06-17-08 by dugan
Sen. John McCain’s call today to lift a federal ban on drilling off the nation’s coastline won’t win him friends in California, and probably Florida, but the part of his energy speech that struck me was his statement on oil market regulation. He seemed to endorse, and strongly, some regulatory steps that could actually reduce prices at the gasoline pump. McCain said:
"There is the further problem of speculation on the oil futures
market, which in many cases has nothing to do with the actual sale,
purchase, or delivery of oil. When crude oil became a futures-traded
commodity in the 1980’s, the idea was to afford a measure of protection
against the historic volatility of oil pricing. It takes several weeks
to ship oil from the Arabian Peninsula to the offshore port of
Louisiana. And for the buyers, it helps to know that the price will not
suddenly fall while the oil is in transit. A futures contract assures
importers that they can sell the oil at a profit."That’s the theory, anyway. But we all know that some people on
Wall Street are not above gaming the system. When you have enough
speculators betting on the rising price of oil, that itself can cause
oil prices to keep on rising. And while a few reckless speculators are
counting their paper profits, most Americans are coming up on the short
end — using more and more of their hard-earned paychecks to buy gas
for the truck, tractor, or family car."Investigation is underway to root out this kind of reckless
wagering, unrelated to any kind of productive commerce, because it can
distort the market, drive prices beyond rational limits, and put the
investments and pensions of millions of Americans at risk. Where we
find such abuses, they need to be swiftly punished. And to make sure it
never happens again, we must reform the laws and regulations governing
the oil futures market, so that they are just as clear and effective as
the rules applied to stocks, bonds, and other financial instruments. In
all of these markets, reform must assure transparency, prevent abuse,
and protect the public interest."
I’m not as sure as McCain that the White House can or will conduct a credible investigation of energy trading, and he is not at all specific about what new "laws and regulations" he wants, or when, but his call for transparency and protection of the public interest couldn’t be more welcome.
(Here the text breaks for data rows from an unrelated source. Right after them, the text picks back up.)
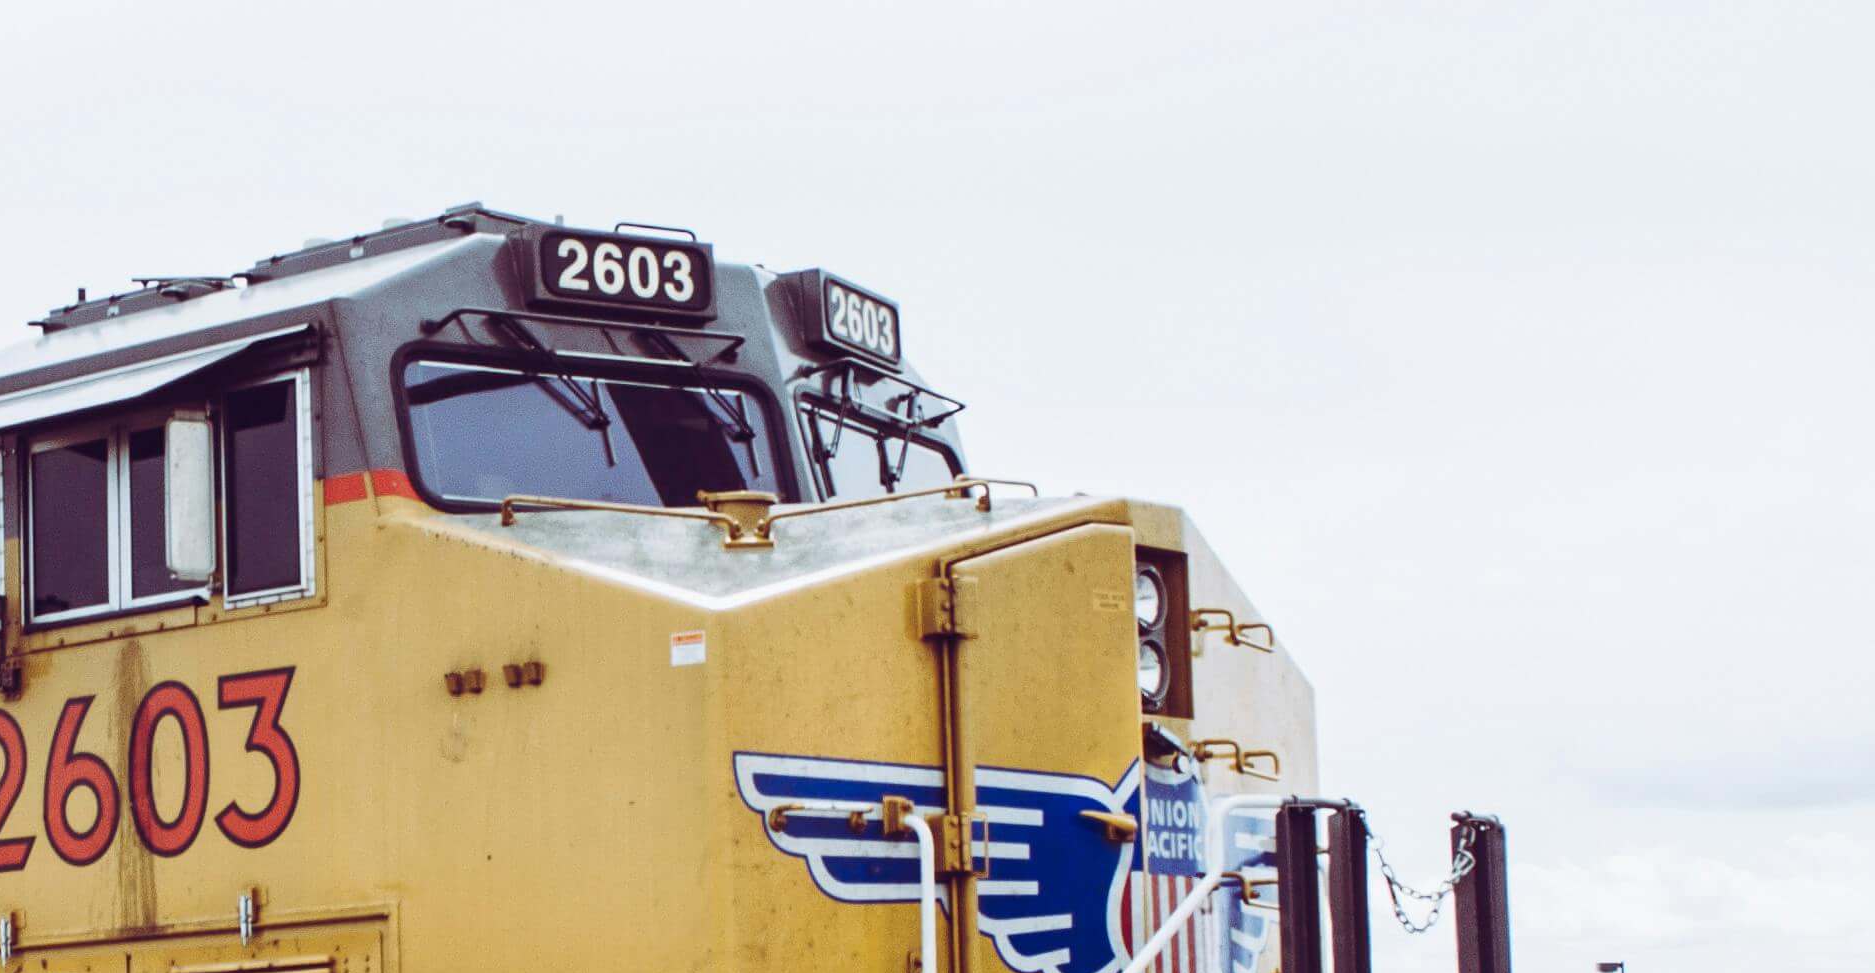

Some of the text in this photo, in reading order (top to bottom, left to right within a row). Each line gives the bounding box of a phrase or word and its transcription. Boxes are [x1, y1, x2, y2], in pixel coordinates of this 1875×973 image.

[556, 237, 696, 303] 2603
[828, 285, 896, 357] 2603
[1145, 797, 1202, 830] NION
[1147, 829, 1204, 862] ACIFIC
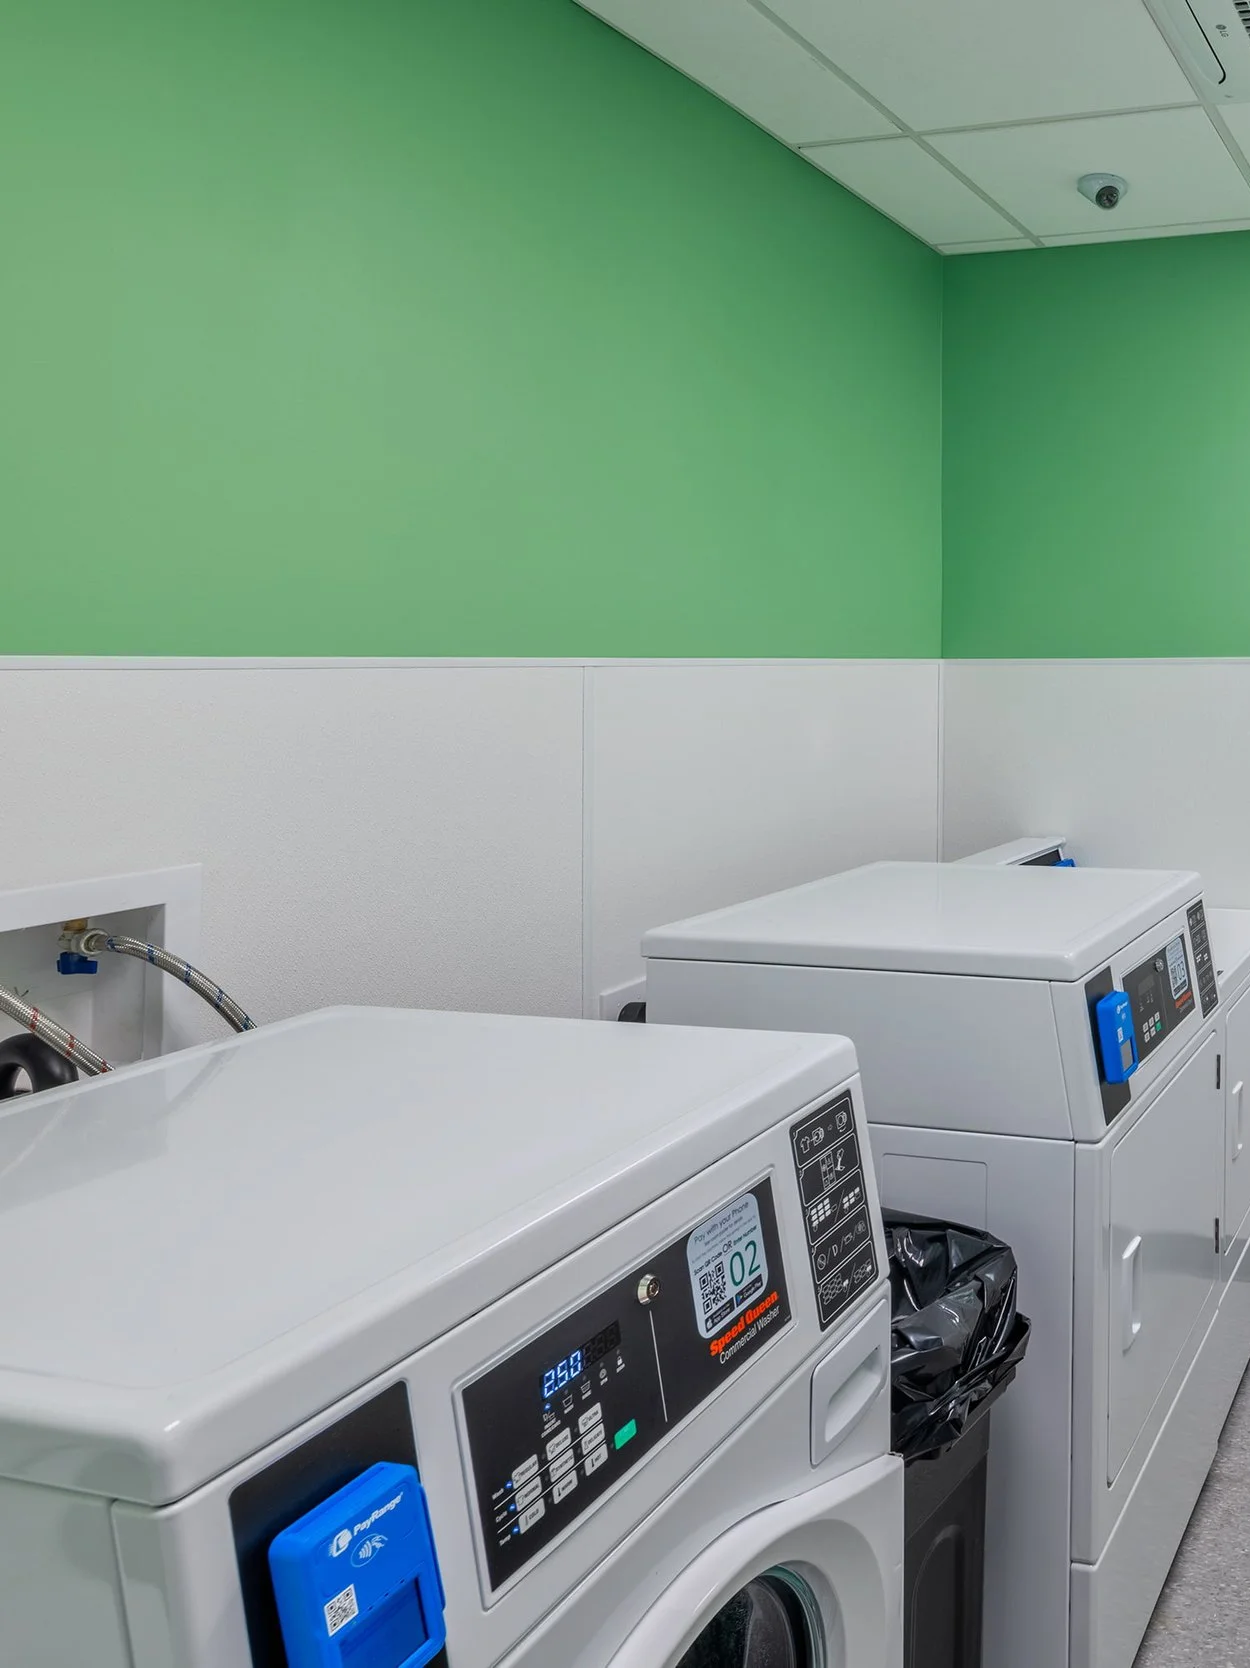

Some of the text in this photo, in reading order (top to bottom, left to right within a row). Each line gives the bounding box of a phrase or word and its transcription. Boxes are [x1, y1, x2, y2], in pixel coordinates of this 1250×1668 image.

[694, 1233, 706, 1246] Pay
[706, 1223, 719, 1236] with
[719, 1214, 732, 1228] your
[732, 1202, 749, 1218] Phone
[742, 1225, 757, 1239] Number
[694, 1252, 722, 1276] Scan QR Code
[722, 1240, 733, 1254] OR
[730, 1240, 761, 1287] 02
[710, 1291, 779, 1357] Speed Queen
[720, 1325, 758, 1364] Commercial
[757, 1305, 780, 1331] Washer
[354, 1492, 401, 1536] PayRange
If Congress and the White House could swiftly agree on market regulation, including oversight of unregulated electronic markets and barriers to all-out financial gambling, the price of oil would likely drop even before curbs were actually imposed.
One point of caution: McCain’s chief economic adviser is former Texas Sen. Phil Gramm, an architect and protector of the "Enron Loophole" that allowed growing electronic energy markets to go completely without oversight or regulation, inviting in gamblers and crooks. McCain needs to quickly put out specifics on his call for regulation, to persuade skeptics who figure Gramm will find a way to bury the idea.
Regulation of oil markets also needs to be twinned with regulation of refinery operations, to ensure that oil companies keep a reasonable supply of gasoline on hand. Those who remember last year’s fast spike in gasoline prices, and the similar one in 2006, may also recall that the spike was due not to oil prices but to refinery cutbacks and an inadequate supply of gasoline.
Anyone who wants to get gasoline prices under control has to close the loopholes at both ends.